There's never been a better time to be an expert in something the rest of the world finds completely trivial. Just think, slightly more than ten years ago, the mainstream world was branding Prince a visionary (because he can play all those instruments!) and alienating some geeky loner snapping up Mancini lp's at garage sales. Ten years later, Prince is reduced to staging publicity stunts involving his name and that Mancini dork's found more than a few outlets in which to expound and expound and expound! Let's hear it for useless endeavors! Many of us loner loser types have had these useless, trivial points of interest, but nowadays we can make them pay off! We can get work writing liner notes or articles or reviews or, at the very least, slap together a zine. At least someone's interested now. Try talking Louis Prima in 1982 - they'd slap you upside the head with a Joy Division import twelve inch!

Unfortunately, competition can be mighty fierce in certain areas. Esquivel, forget about it! Tiki culture, get in line! It's the same as the Ed Wood phenomenon a few years ago - every college boy who had ever seen clips of Plan 9 From Outer Space on Late Night with David Letterman came forward as experts. So you might have spent the last decade in studying in your chosen area, but you never know when a book like The Encyclopedia of Bad Taste or a mega-zine like Ben Is Dead is going to come out with little capsule reviews of EVERY TRIVIAL THING EVER in an attempt to control the market. But those in the know realize that a capsule review could never sum up the history of "Polack jokes". It's obvious that there is SO MUCH MORE to say about "Schoolhouse Rock".

My own chosen field, The Rat Pack, has become a major area for that competition. Much of my professional output has in some manner related to them, and I still await the day the Encyclopedia Britannica taps me to write THE BIG IMPORTANT RAT PACK ESSAY. I'll calmly suggest an essay on the meaning behind Sinatra's changing toupee styles and they'll go dig up some college grad to write the thing. Which won't be difficult. While I have a million observations regarding turtlenecks and breasts in the Matt Helm series, the world is now filled with those "coolitcharleyringadingding-bottleofjack" schmendricks, infecting the world with that sort of piffle, not thinking about the meaning behind it.

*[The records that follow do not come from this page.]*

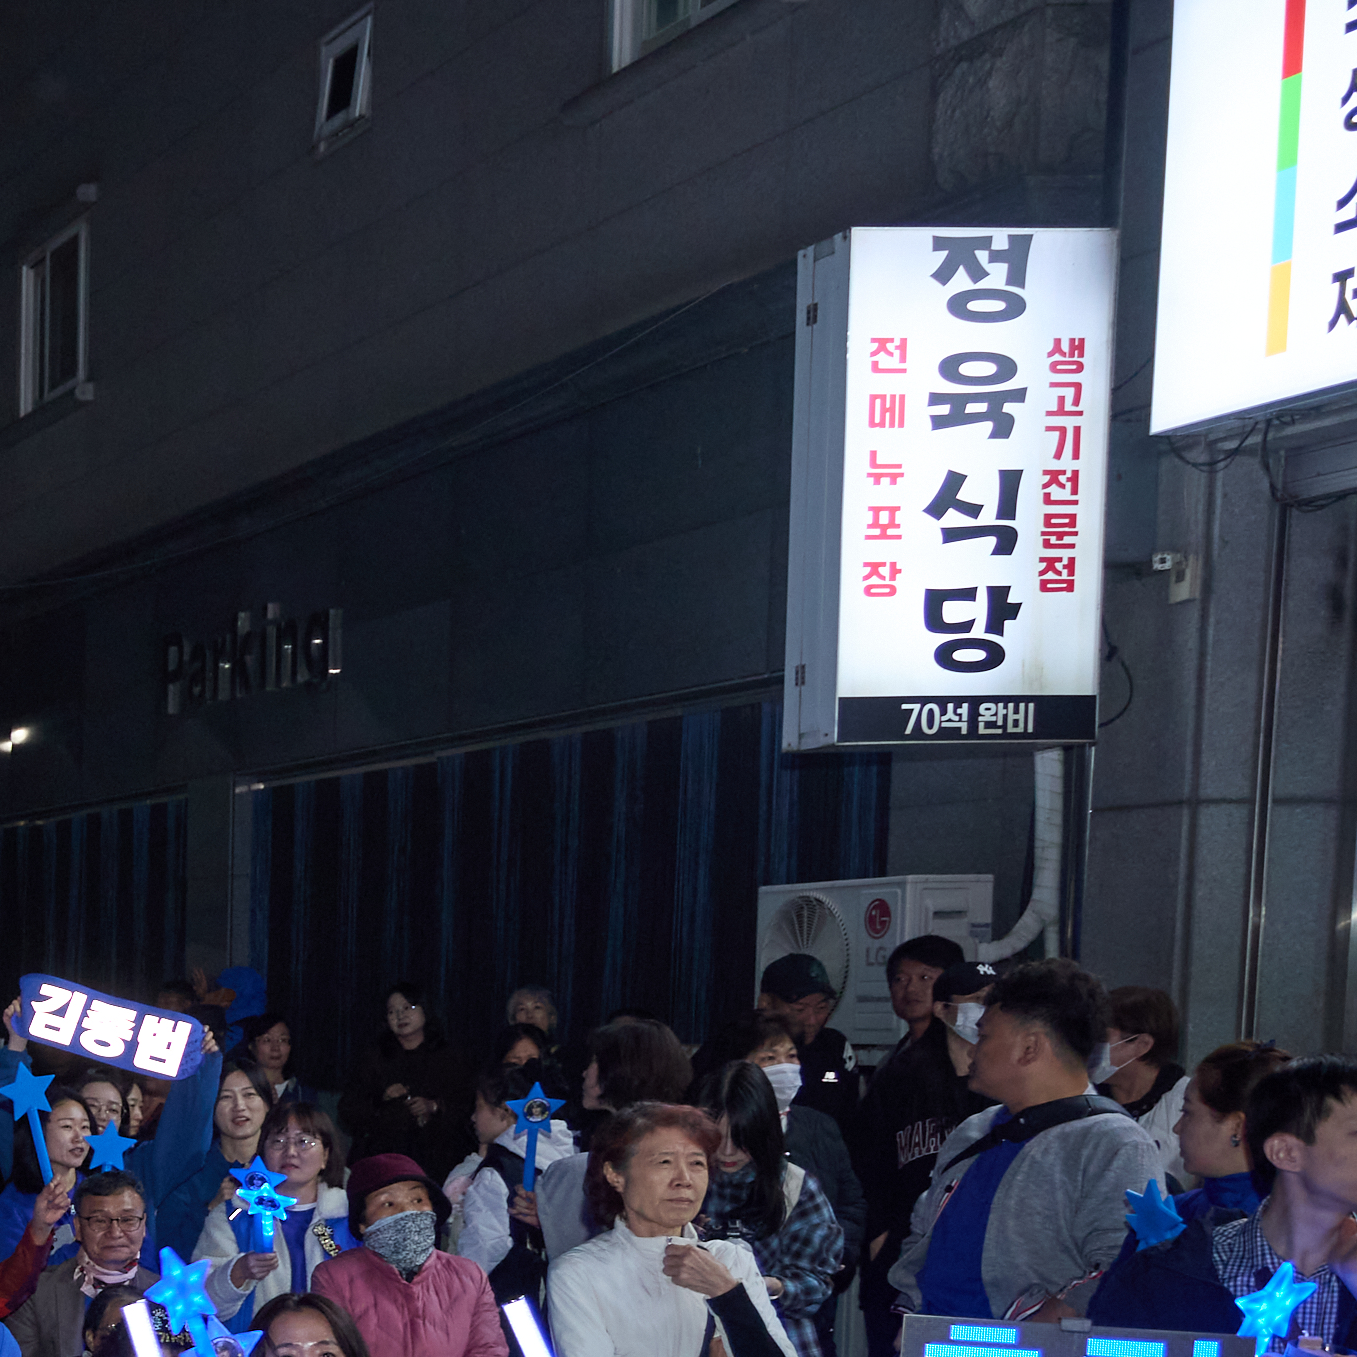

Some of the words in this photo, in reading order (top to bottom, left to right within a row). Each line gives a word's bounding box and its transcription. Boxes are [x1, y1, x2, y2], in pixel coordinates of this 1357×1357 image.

[862, 337, 909, 598] 전메뉴포장
[923, 234, 1034, 674] 정육식당
[1038, 337, 1086, 594] 생고기전문점
[162, 602, 343, 716] Parking
[901, 702, 968, 735] 70석
[977, 702, 1034, 735] 완비
[866, 946, 888, 967] LG

So the lesson of trivial knowledge is to choose something really, really trivial, so trivial that for every hundred Mancini dorks, there's only one of you, Mr. Ferrante and Teicher Geek. You have to be able to say "Stand aside, you Dick Dale freaks, I've got something important to say about Hugo Winterhalter, and you cannot stop me!" As for myself, I have to change my attack and realize that the Rat Pack may not have been the best of decisions. That's why I'm taking this opportunity to publicly distance myself from all that and proclaim "I call Gig Young!" Got it? I'M THE GIG YOUNG GUY! No one else. And if I catch anyone, and I mean anyone, even mentioning Gig in so much as a sentence, there's gonna' be some kind of "coolitcharleyringadingdingbottleofjack" trouble coming your way!